If you’re setting personal sales goals, you’ll likely evaluate your own skills, strengths, and weaknesses, to set targets more specific to you.
Here are some quick tips to boost your chances of setting effective goals.
- Evaluate Your Situation Carefully
When sales managers set goals for their sales reps, they often take a data driven approach. Companies don’t just ask reps to adhere to specific revenue quotas at random. They assess sales forecasts, previous sales data, and other information to help guide them.
Similarly, if you’re setting professional goals in sales for yourself, you need to think carefully about your situation. Look at your previous accomplishments, and think about where you might be able to improve. Consider the resources that are available to you (Such as training), and how you can leverage them to reach new levels of success.
Before you begin establishing your goals, make sure that your targets are achievable, and aligned with the wider objectives of the business.
- Create an Action Plan
Sales goals are an excellent way to keep yourself motivated, and boost your chances of unlocking incredible accomplishments. However, they don’t do much on their own. Once you know what you want to achieve, the next step is figuring out how you’re going tor each your targets.
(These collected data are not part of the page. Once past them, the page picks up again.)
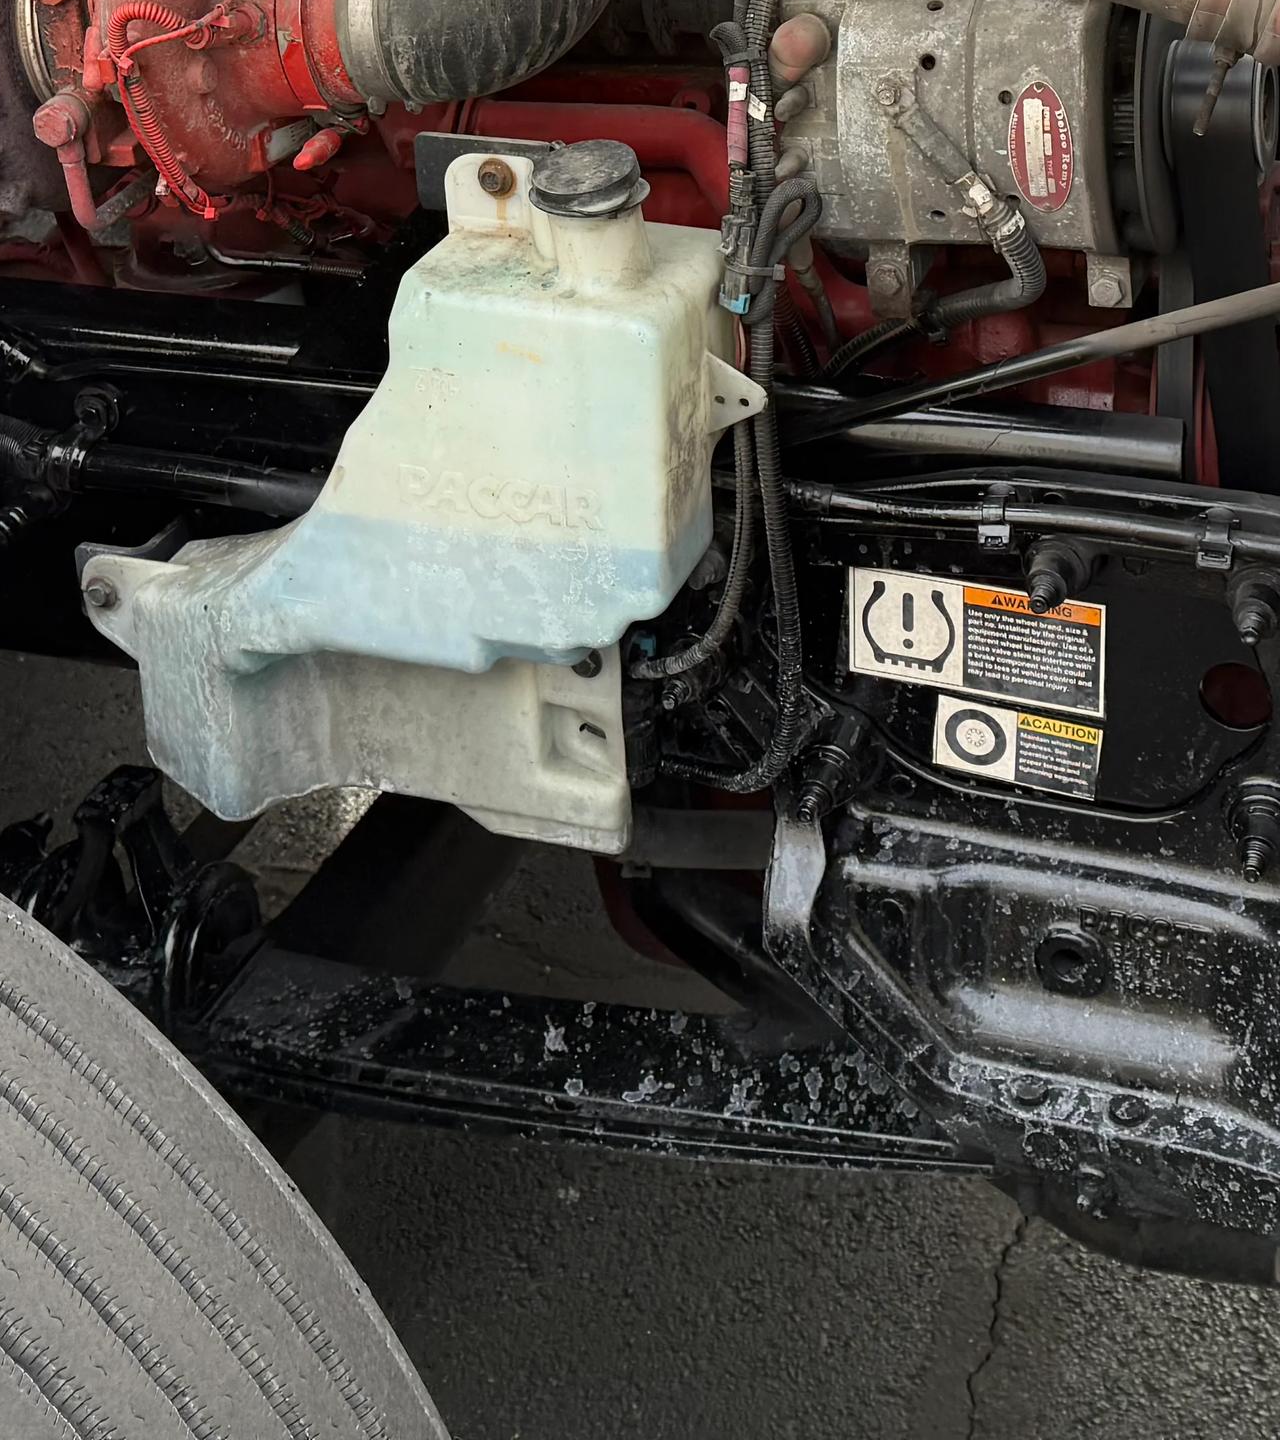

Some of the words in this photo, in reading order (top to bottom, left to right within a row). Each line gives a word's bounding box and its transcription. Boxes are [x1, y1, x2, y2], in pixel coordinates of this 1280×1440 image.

[1054, 109, 1068, 149] Delco
[1059, 153, 1070, 189] Remy
[399, 463, 605, 530] PACCAR
[1004, 596, 1073, 618] WAING
[968, 609, 982, 617] Use
[984, 612, 1001, 622] only
[1002, 615, 1014, 623] the
[1016, 617, 1038, 627] wheel
[1066, 626, 1081, 635] size
[968, 627, 1008, 639] equipment
[1063, 644, 1078, 652] Use
[1031, 629, 1041, 637] by
[1042, 631, 1055, 639] the
[1057, 633, 1086, 644] original
[992, 647, 1011, 656] valve
[1013, 650, 1032, 660] stem
[1033, 653, 1041, 661] to
[1075, 661, 1092, 671] with
[1000, 641, 1022, 650] wheel
[1024, 645, 1046, 655] brand
[1058, 650, 1073, 659] size
[1074, 654, 1096, 663] could
[968, 659, 983, 668] lead
[985, 661, 993, 669] to
[1021, 669, 1048, 680] vehicle
[1049, 674, 1077, 685] control
[1077, 679, 1093, 688] and
[974, 652, 995, 662] brake
[996, 657, 1039, 670] component
[1040, 663, 1063, 674] which
[1064, 668, 1086, 678] could
[968, 667, 983, 677] may
[985, 670, 1001, 679] lead
[1002, 673, 1010, 681] to
[1011, 676, 1045, 689] personal
[1032, 718, 1097, 741] CAUTION
For instance, if your plan is to increase your sales revenue results by 10% in the next year, ask yourself how you can achieve this. Can you invest in new strategies for lead qualification to ensure you’re focusing on the right prospects? Will you invest in new training opportunities to develop skills that will help you to connect with customers and shorten the sales cycle?
Reach out to your mentors, business leaders and supervisors for insights into how you can boost your chances of success. It’s also important to establish metrics and KPIs you can use to track your progress over time. For instance, you might monitor:
- Number of new contacts
- Number of deals closed
- Opportunities accessed
- Customer lifetime value
- Customer retention rates
- Track Performance and Refine Your Goals
Finally, once you have a clear goal in mind, and a plan of action in place, the next step is to start working towards your targets. As you implement new strategies to help drive you towards your goals, pay attention to the key metrics you outlined above.
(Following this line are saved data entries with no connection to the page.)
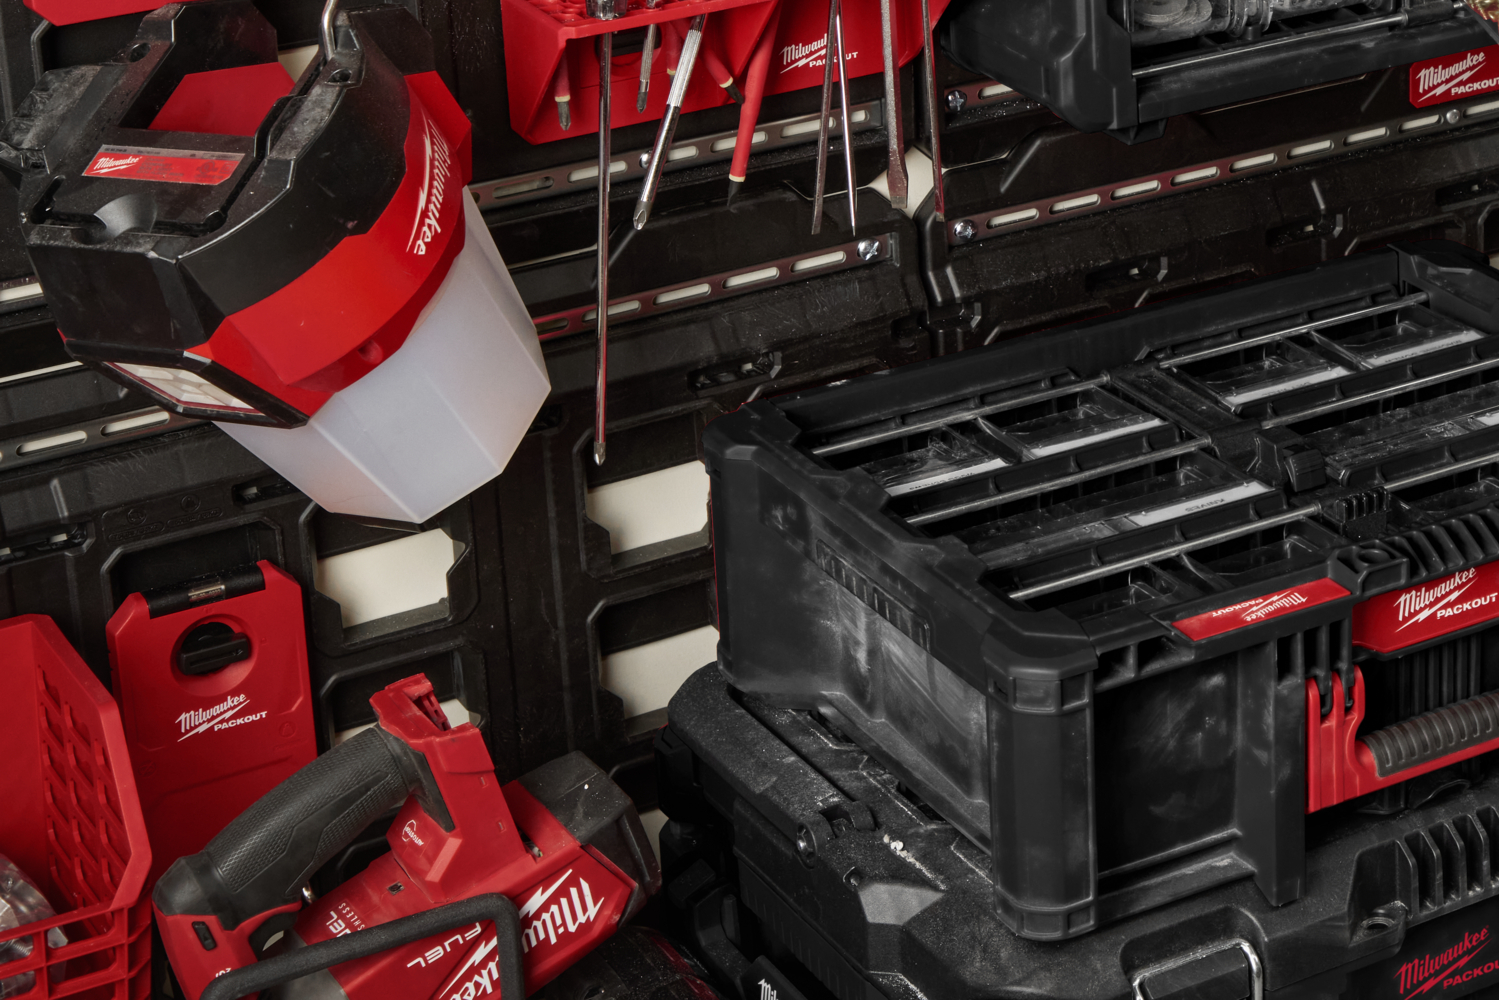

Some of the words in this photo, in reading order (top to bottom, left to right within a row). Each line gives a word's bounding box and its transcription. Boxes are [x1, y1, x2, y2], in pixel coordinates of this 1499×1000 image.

[1415, 51, 1487, 93] Milwaukee
[413, 118, 452, 256] Milwaukee
[1185, 498, 1225, 512] KNIVES
[1212, 598, 1264, 618] PACKOUT
[1243, 592, 1308, 622] Milwaukee
[1393, 567, 1478, 622] Milwaukee
[1436, 592, 1499, 621] PACKOUT
[175, 694, 247, 733] Milwaukee
[214, 711, 268, 732] PACKOUT
[407, 922, 483, 968] FUEL
[1399, 926, 1490, 993] Milwaukee
Ask yourself how new cold calling and emailing strategies are helping you to reach a wider number of qualified leads. Determine how your sales training and coaching strategies are helping you to build stronger relationships with customers, increasing average order value or retention rates.
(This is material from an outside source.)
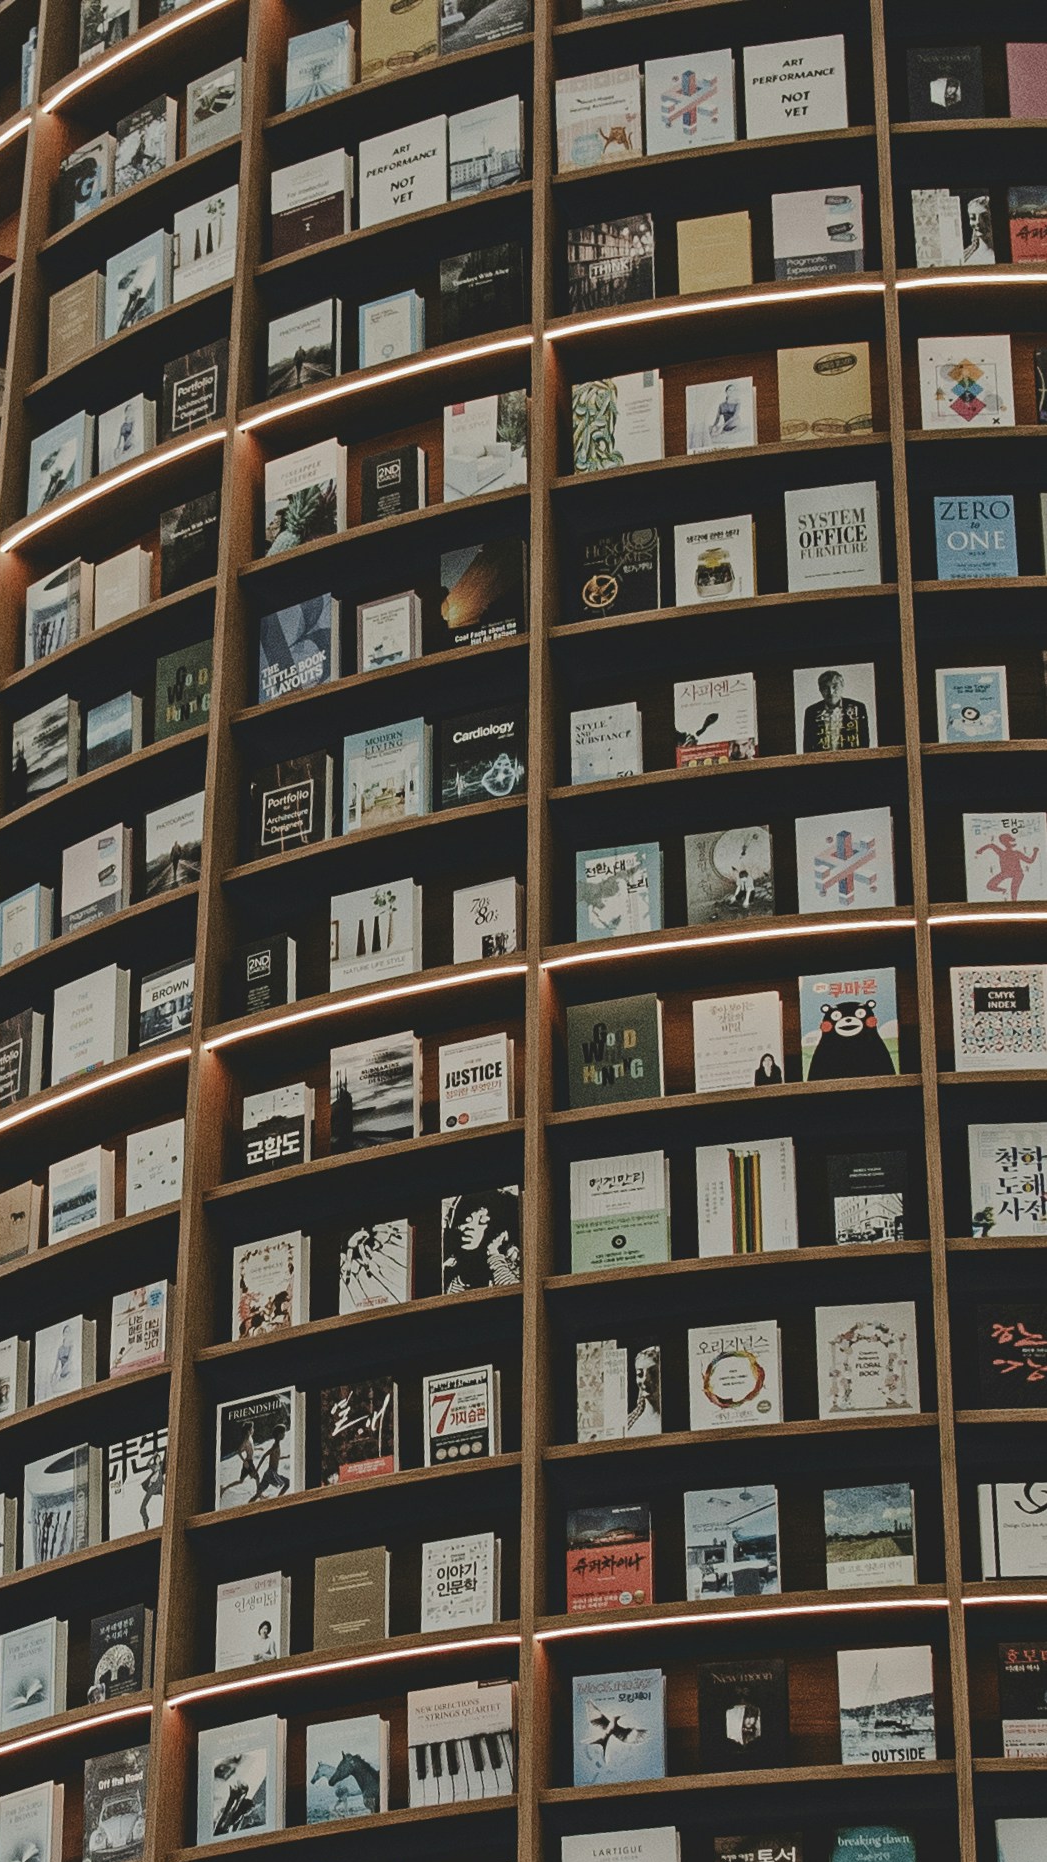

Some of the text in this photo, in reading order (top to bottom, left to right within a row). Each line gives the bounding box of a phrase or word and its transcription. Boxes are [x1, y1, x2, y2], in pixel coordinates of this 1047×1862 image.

If the strategies you’re implementing to achieve your goals aren’t delivering results, be prepared to pivot, or refine your expectations. You might have been too ambitious with your initial targets, or you may need to consider experimenting with other sales optimization methods.
Setting Effective Goals for Sales
Setting goals effectively is crucial for the sales landscape. The goals sales managers and leaders set for their reps help to clarify expectations, keep teams motivated, and push the company towards its wider objectives. The goals you set for yourself ensure you can make the most out of your sales role, improve your skills, and potentially earn higher commissions.
Goals are more than just a way to keep you on track and focused as you progress in the sales landscape, they’re crucial to building a mindset that will help you to constantly evolve in your career.